Alles rund um Aachen

Ghetto, sozialer Brennpunkt, Armenhaus - diese Klischees und Vorurteile über die Robert-Koch-Straße am Bahnhof Rothe Erde und ihre Bewohner halten sich hartnäckig. Doch wer sich näher mit den Menschen in diesem Viertel beschäftigt, erlebt ein kreatives Alltagsleben. In einem Initiativ-Arbeitskreis gestalten Nachbarn und verschiedene Einrichtungen vor Ort gemeinsam einfache Lösungen zur Verbesserung des Wohnumfeldes. Ob beim gemeinsamen Aufräumen im Rahmen der Aktion „Frühjahrsputz“ oder beim sommerlichen Straßenfest – immer mehr spürt man die inzwischen gewachsene Gemeinschaft der Robert-Koch-Straße, die auch die städtische Quartiersmanagerin Myriam Rawak gut bekannt ist.
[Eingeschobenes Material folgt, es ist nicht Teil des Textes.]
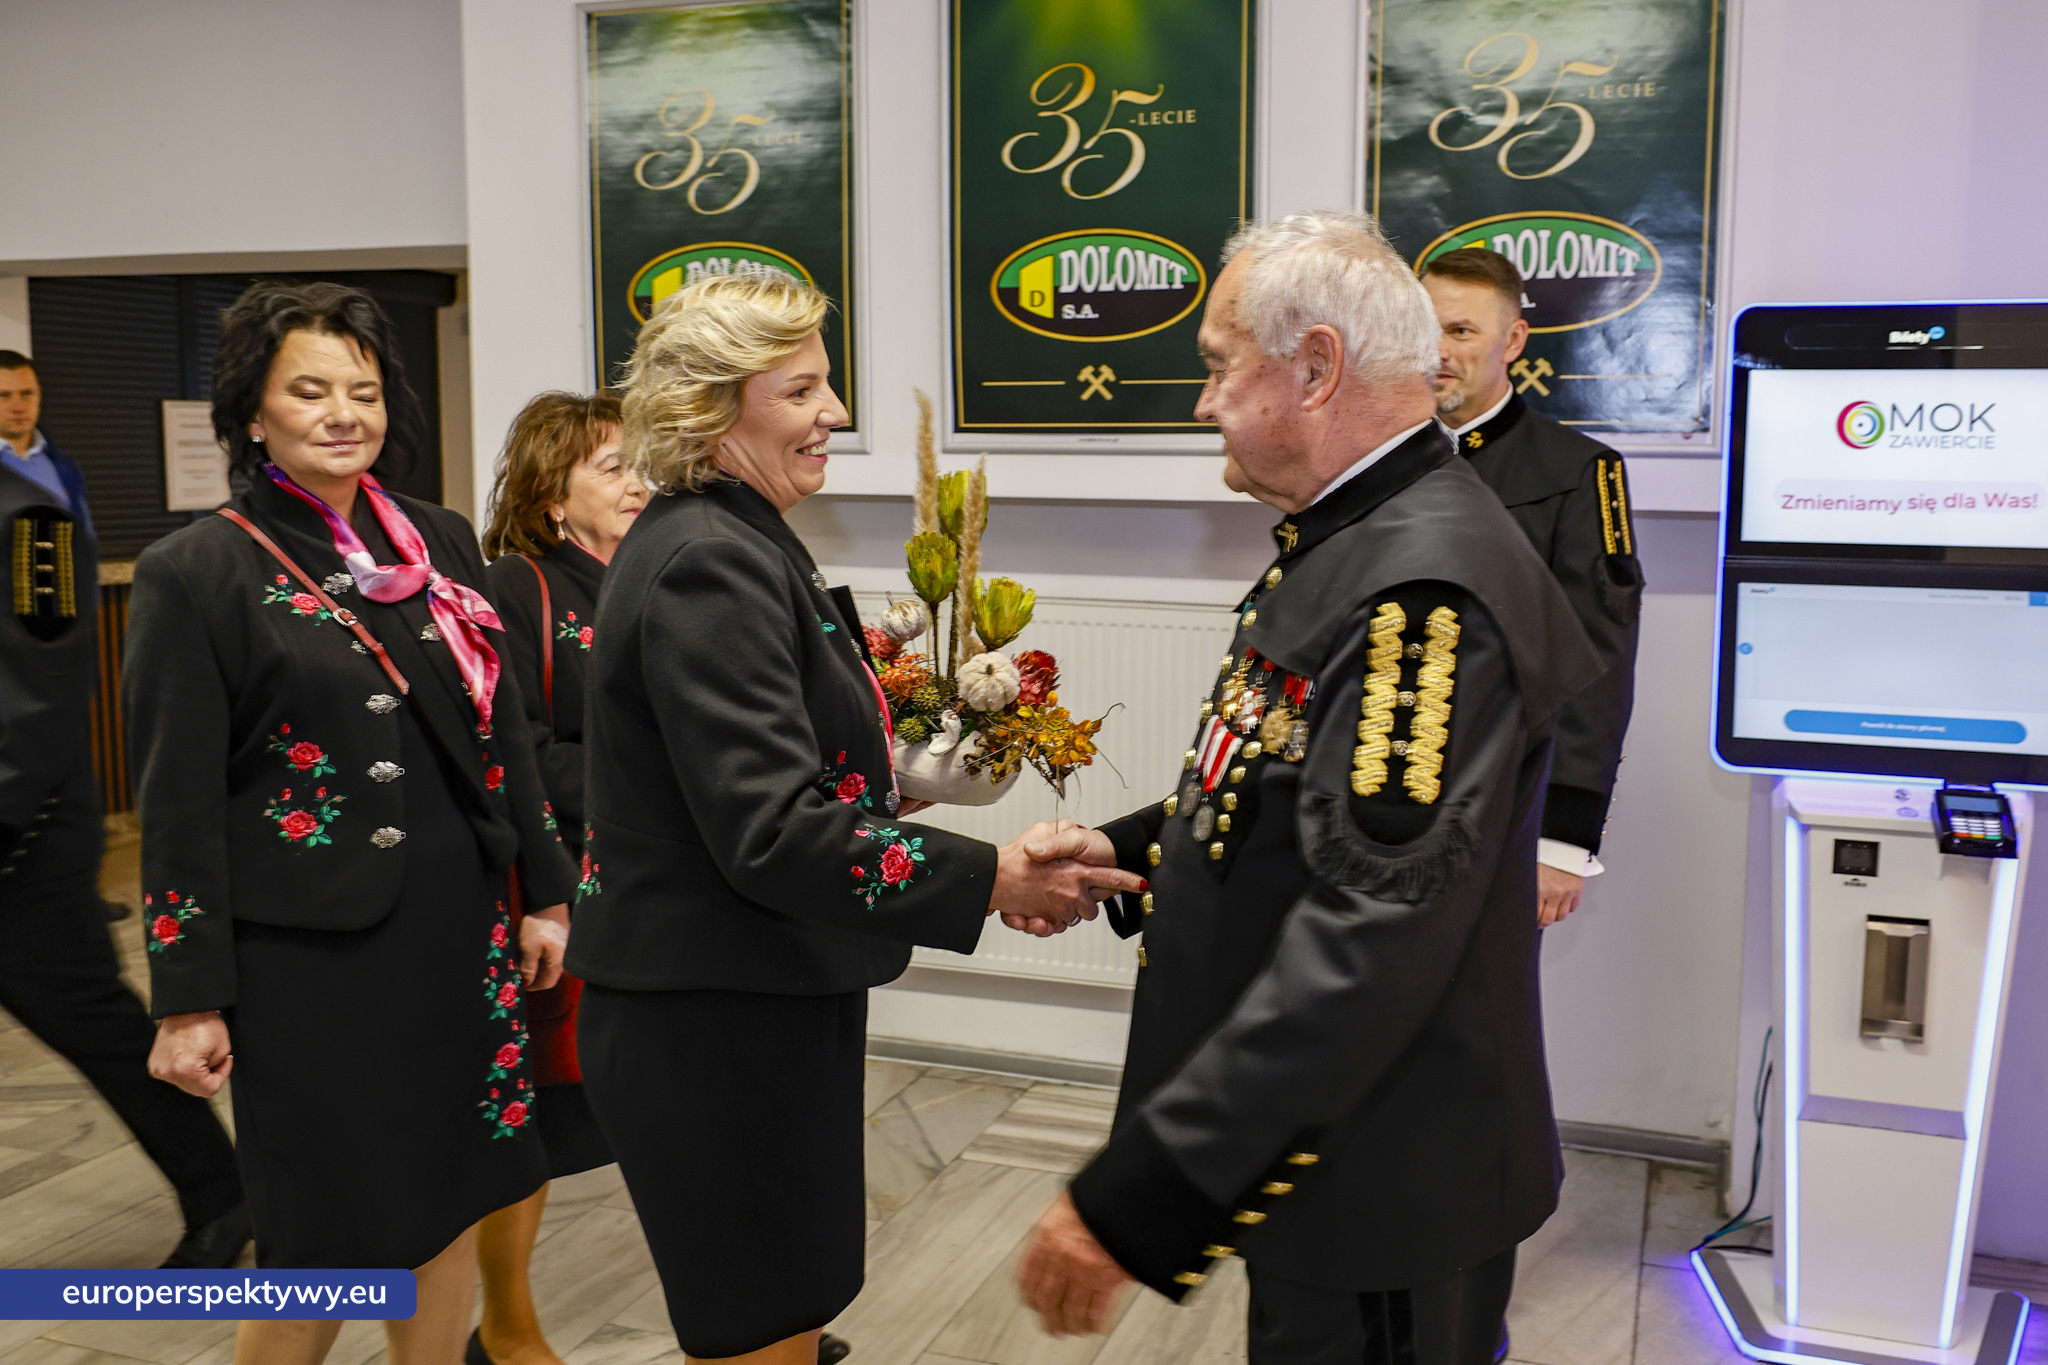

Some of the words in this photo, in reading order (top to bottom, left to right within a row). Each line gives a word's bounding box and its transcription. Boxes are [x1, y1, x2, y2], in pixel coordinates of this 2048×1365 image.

[1428, 31, 1619, 180] 35
[1001, 62, 1165, 200] 35
[633, 87, 776, 215] 35
[1058, 245, 1189, 294] DOLOMIT
[1491, 228, 1641, 281] DOLOMIT
[1030, 290, 1046, 308] D
[1061, 303, 1100, 320] S.A.
[1889, 403, 1996, 432] MOK
[1889, 434, 1996, 449] ZAWIERCIE
[1781, 494, 1902, 515] Zmieniamy
[1907, 493, 1937, 513] się
[1943, 493, 1976, 509] dla
[1984, 493, 2039, 509] Was!
Eines dieser Projekte, mit denen aktuell der öffentliche Raum aber auch die Gemeinschaft der Robert-Koch-Straße „belebt“ wird, ist das BIWAQ -Projekt, das unter Federführung des städtischen Fachbereichs Wirtschaft, Wissenschaft und Europa sowie zahlreicher Projektpartner realisiert wird. Myriam Rawak: „Gerade weil ich durch intensive Netzwerkarbeit die Situation rund um den Bahnhof Rothe Erde gut kenne, habe ich vor Ort den verschiedenen Einrichtungen das Projekt BIWAQ vorgestellt und alle interessierten Personen an einen Tisch gebracht“.
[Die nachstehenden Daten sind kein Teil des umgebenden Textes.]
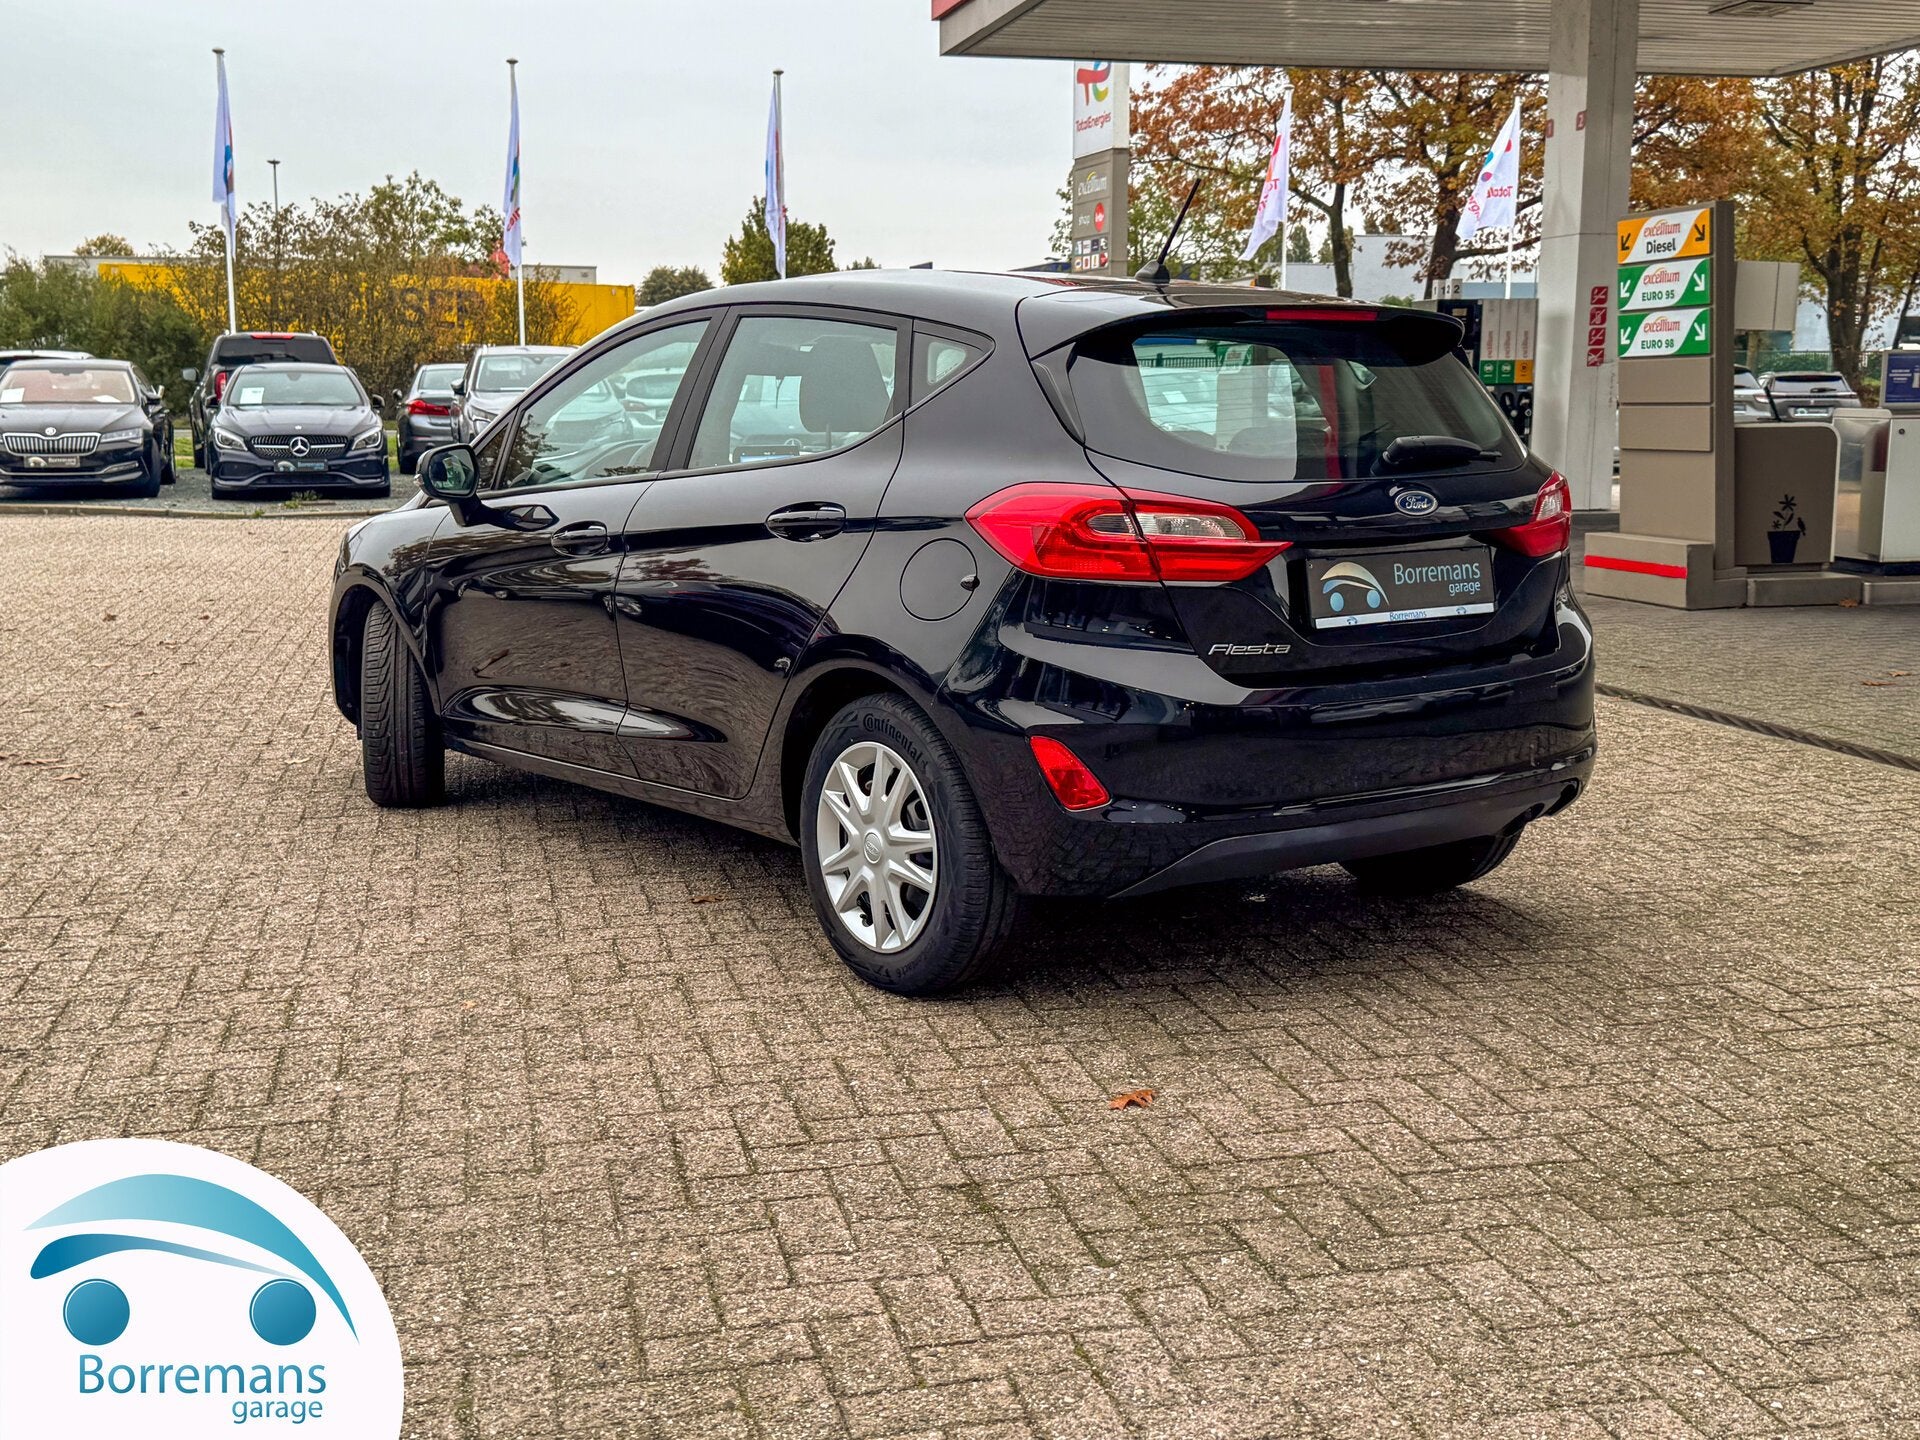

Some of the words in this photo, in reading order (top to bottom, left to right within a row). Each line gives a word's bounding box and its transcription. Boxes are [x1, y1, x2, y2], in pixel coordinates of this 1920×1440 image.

[1643, 220, 1681, 238] excellium
[1645, 238, 1676, 254] Diesel
[1643, 268, 1680, 286] excellium
[1453, 284, 1461, 294] 2
[1641, 290, 1663, 302] EURO
[1665, 289, 1675, 300] 95
[1643, 317, 1680, 333] excellium
[1640, 339, 1662, 350] EURO
[1664, 338, 1674, 349] 98
[1405, 495, 1431, 509] Ford
[1394, 562, 1481, 585] Borremans
[1448, 581, 1481, 597] garage
[1389, 610, 1427, 621] Borremans
[1208, 643, 1291, 656] Fiesta
[863, 713, 923, 764] Continental
Lernort für Qualifizierung und Integration
BIWAQ steht für Bildung, Wirtschaft und Arbeit im Quartier und ist ein aus EU- und Bundesmitteln gefördertes Projekt zur Arbeitsmarktförderung bei gleichzeitiger Stadtteilentwicklung. Als Partnerprogramm von „Soziale Stadt" gestaltet das Projekt unter fachlicher Anleitung und Begleitung in Aachen-Nord und -Ost Flächen, die allgemein oder einer größeren Personengruppe zugänglich sind, mit langzeitarbeitslosen Menschen. Die Projektleitung liegt  im Fachbereich Wirtschaft, Wissenschaft und Europa. Als Qualifizierungs- und Beschäftigungsträger sind das Sozialwerk Aachener Christen (für den Bereich Garten- und Landschaftsbau) sowie die low-tec gemeinnützige Arbeitsmarktförderungsgesellschaft (für den Bereich der Holz-, Metall- und Nähwerkstätten) eingebunden.

Ideenworkshops vor Ort
Bereits seit Februar dieses Jahres findet ein umfangreicher Beteiligungsprozess mit Ideenworkshops vor Ort für die Gestaltung der Flächen statt. Eingebunden sind dabei neben der Projektleitung und Vertretern beider Projektpartner auch das Quartiersmanagement des Fachbereiches Wohnen, Soziales und Integration, Vertreter der Caritas (als Träger des Don-Bosco-Hauses), des Sozialdienstes Katholischer Frauen (als Träger des Nachbarschaftstreffs) sowie der Abteilung Übergangswohnen. Bei der Stadt Aachen stehen unter anderem die Fachbereiche Stadtentwicklung und Verkehrsanlagen, Stadtbetrieb, Umweltamt sowie das Gebäudemanagement bereit, um einen reibungslosen Ablauf des Projekts zu gewährleisten.   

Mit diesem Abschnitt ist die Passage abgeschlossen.